- _TASK_
Could you repeat the records below exactly, without the pictures?

--- AVAILABLE RECORDS ---

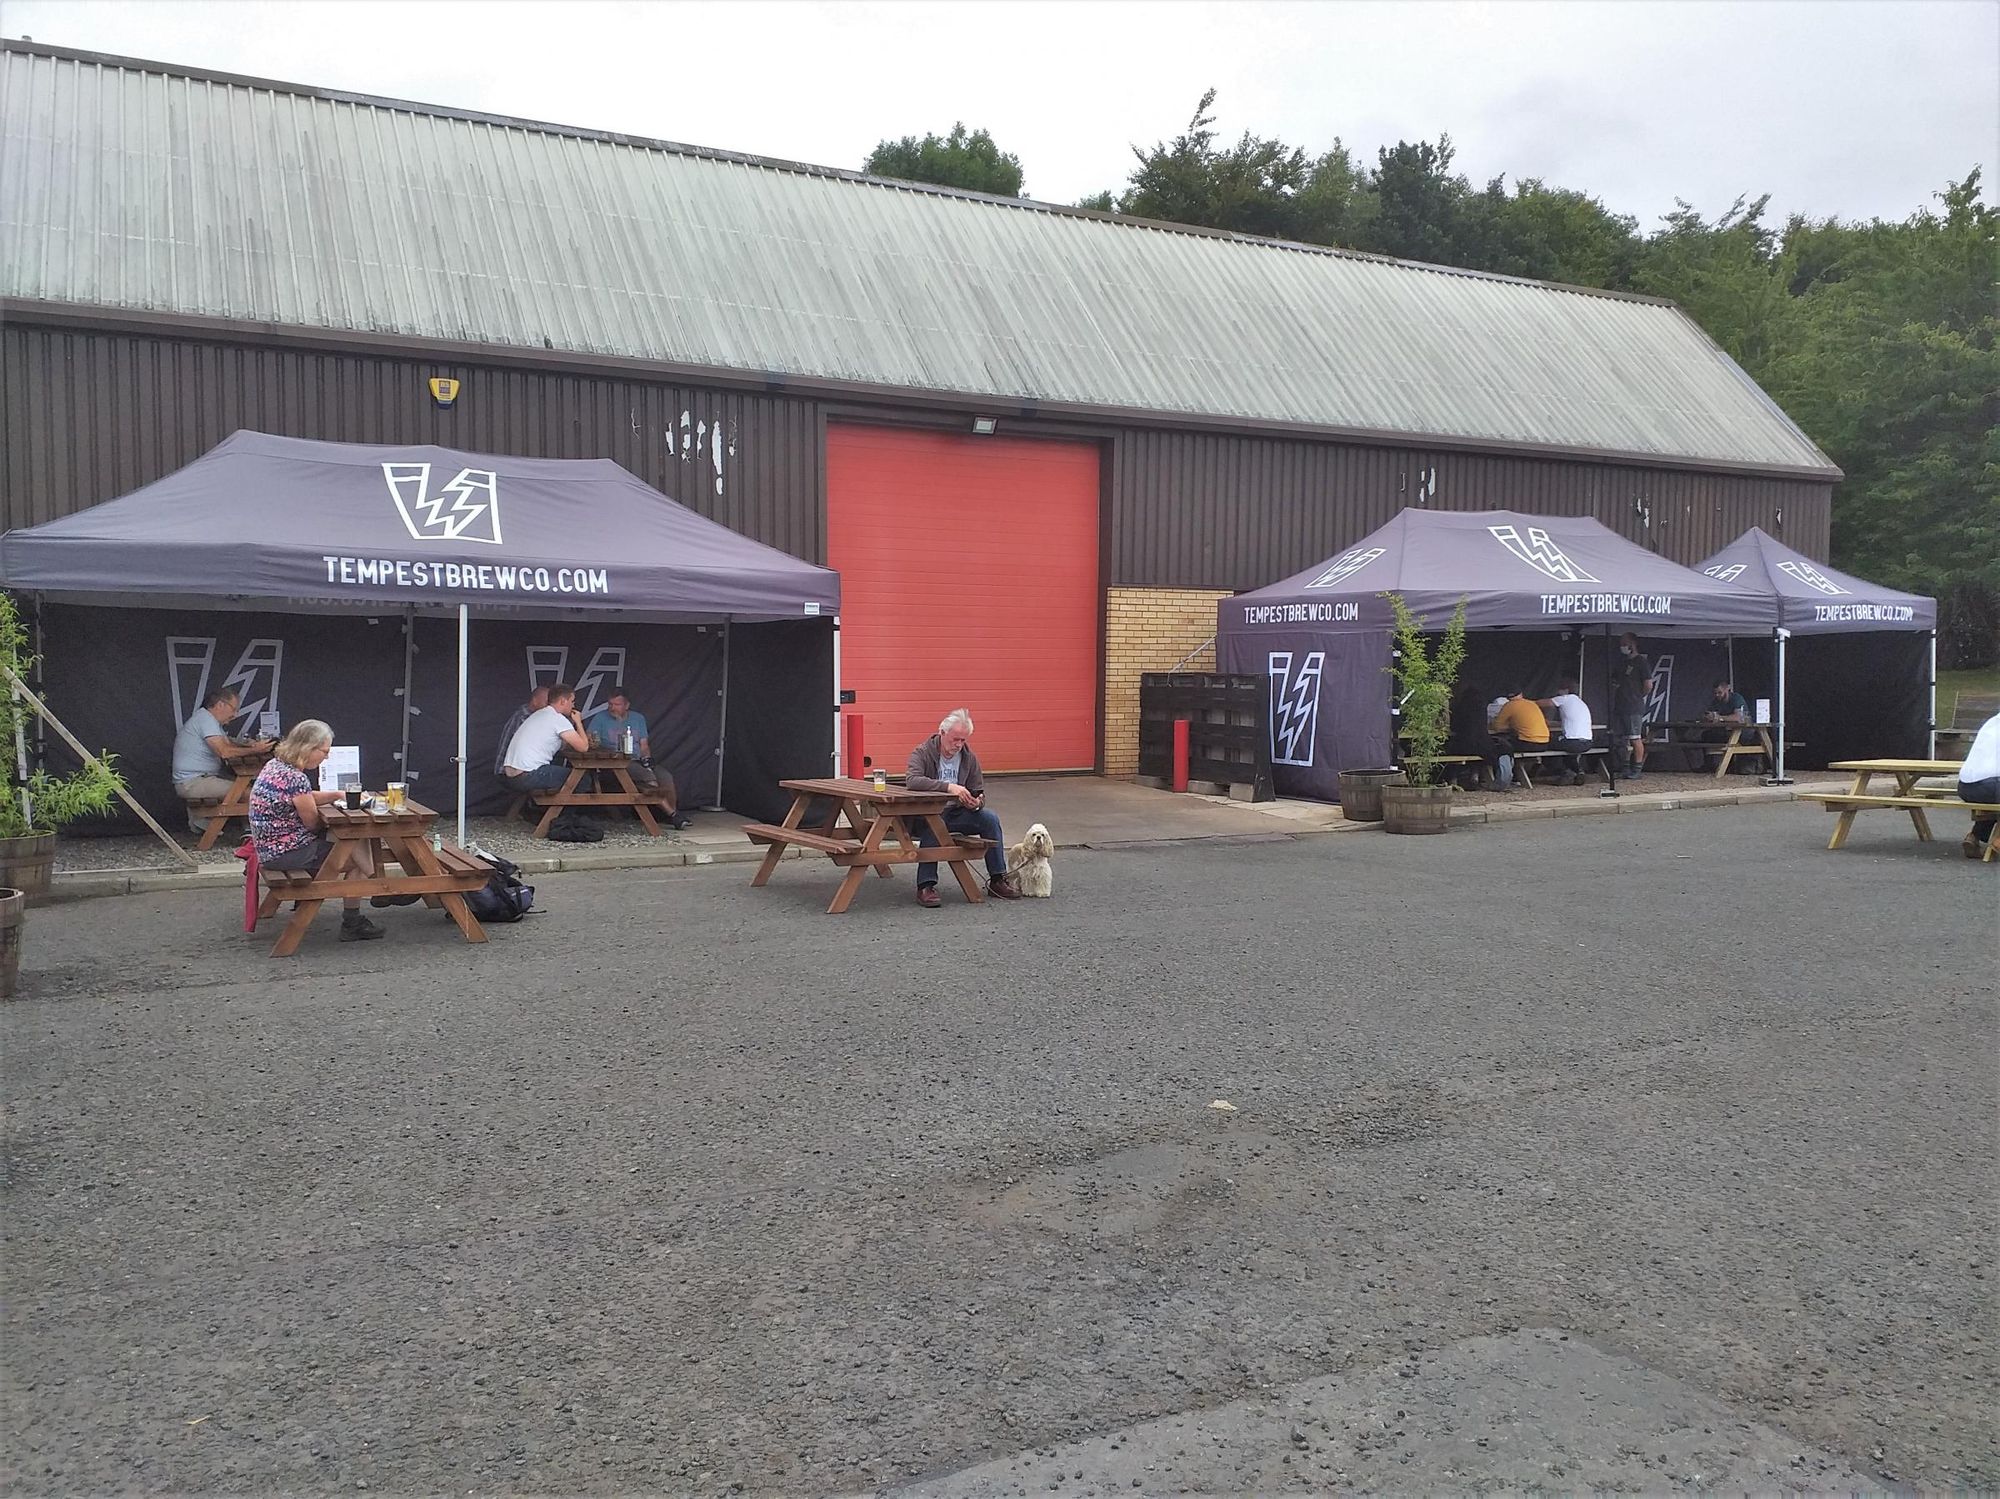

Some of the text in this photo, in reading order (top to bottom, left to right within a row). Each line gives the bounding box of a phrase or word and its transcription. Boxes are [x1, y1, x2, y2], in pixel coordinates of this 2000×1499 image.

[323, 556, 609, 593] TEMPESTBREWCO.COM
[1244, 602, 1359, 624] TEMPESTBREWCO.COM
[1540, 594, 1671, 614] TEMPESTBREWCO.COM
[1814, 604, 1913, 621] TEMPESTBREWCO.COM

---

- _SOLVED EXERCISE_
Some of the text in this photo, in reading order (top to bottom, left to right within a row). Each line gives the bounding box of a phrase or word and its transcription. Boxes are [x1, y1, x2, y2], in pixel coordinates of this 2000×1499 image.

[323, 556, 609, 593] TEMPESTBREWCO.COM
[1244, 602, 1359, 624] TEMPESTBREWCO.COM
[1540, 594, 1671, 614] TEMPESTBREWCO.COM
[1814, 604, 1913, 621] TEMPESTBREWCO.COM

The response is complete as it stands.